*Material for this exercise*
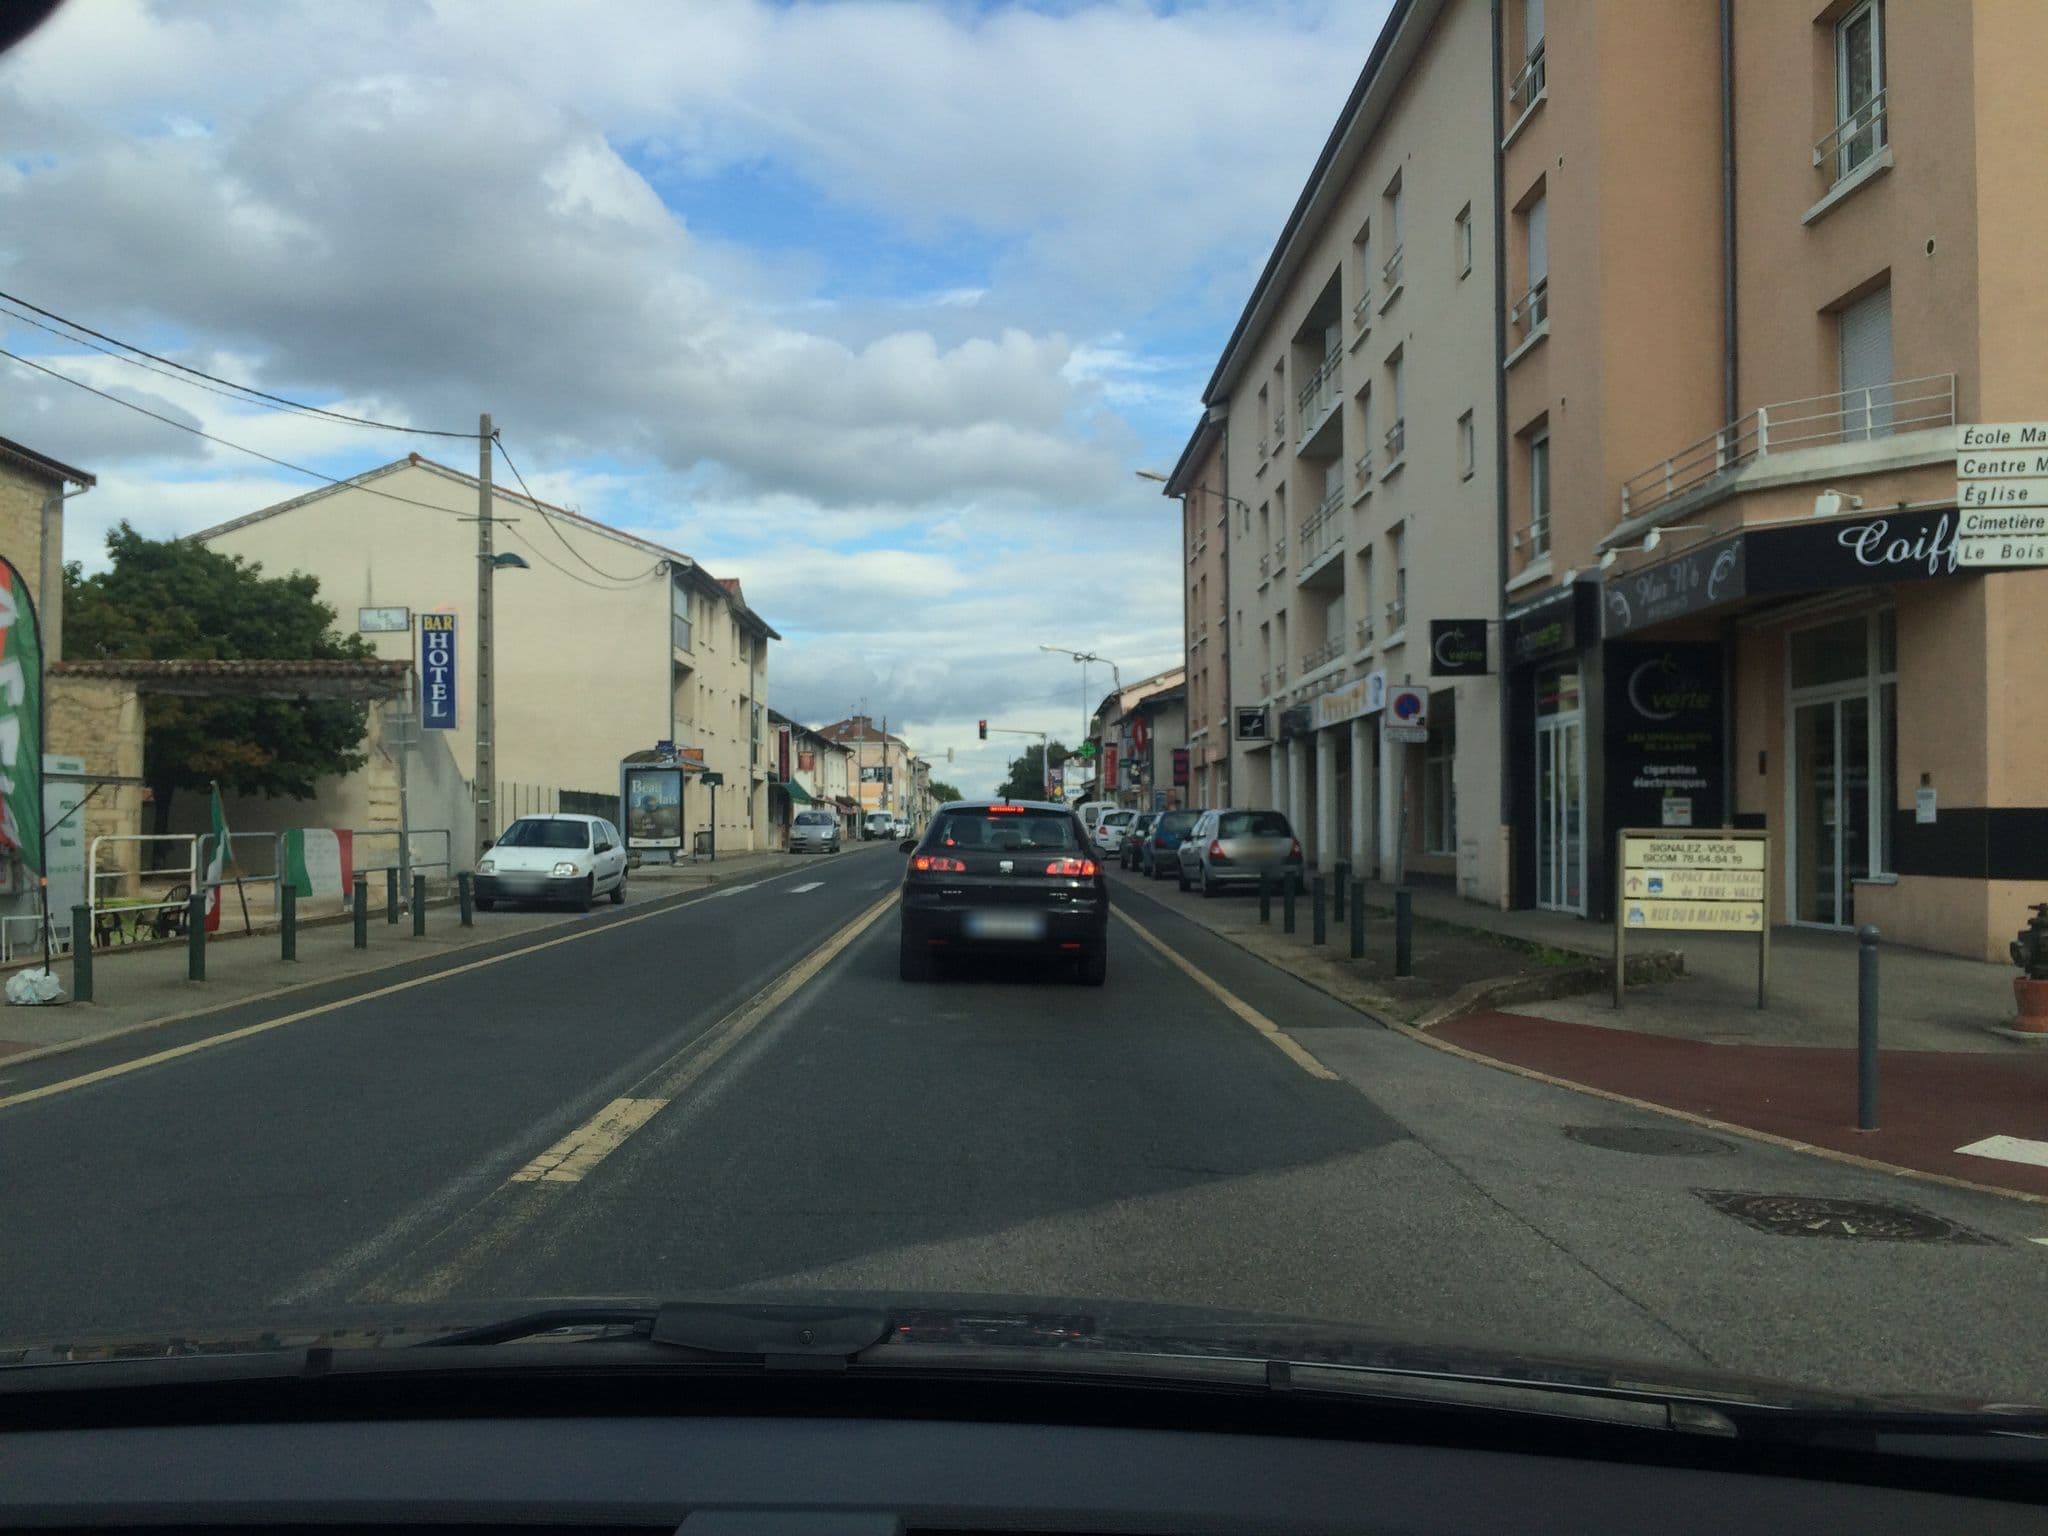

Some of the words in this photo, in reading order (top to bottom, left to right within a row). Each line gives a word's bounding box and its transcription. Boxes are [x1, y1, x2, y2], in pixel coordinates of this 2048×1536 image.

[1964, 427, 2010, 445] École
[1964, 459, 2026, 474] Centre
[1964, 483, 2029, 505] Église
[1966, 514, 2045, 530] Cimetière
[1964, 544, 1985, 560] Le
[2001, 543, 2044, 560] Bois
[423, 615, 453, 631] BAR
[428, 632, 449, 718] HOTEL
[1643, 854, 1677, 864] SICOM
[1671, 872, 1705, 883] ESPACE
[1651, 907, 1670, 921] RUE
[1671, 908, 1686, 922] DU

*What the task requires*
Give the data again exactly as it stands, apart from the pictures.

*Solution to the exercise*
Some of the words in this photo, in reading order (top to bottom, left to right within a row). Each line gives a word's bounding box and its transcription. Boxes are [x1, y1, x2, y2], in pixel coordinates of this 2048×1536 image.

[1964, 427, 2010, 445] École
[1964, 459, 2026, 474] Centre
[1964, 483, 2029, 505] Église
[1966, 514, 2045, 530] Cimetière
[1964, 544, 1985, 560] Le
[2001, 543, 2044, 560] Bois
[423, 615, 453, 631] BAR
[428, 632, 449, 718] HOTEL
[1643, 854, 1677, 864] SICOM
[1671, 872, 1705, 883] ESPACE
[1651, 907, 1670, 921] RUE
[1671, 908, 1686, 922] DU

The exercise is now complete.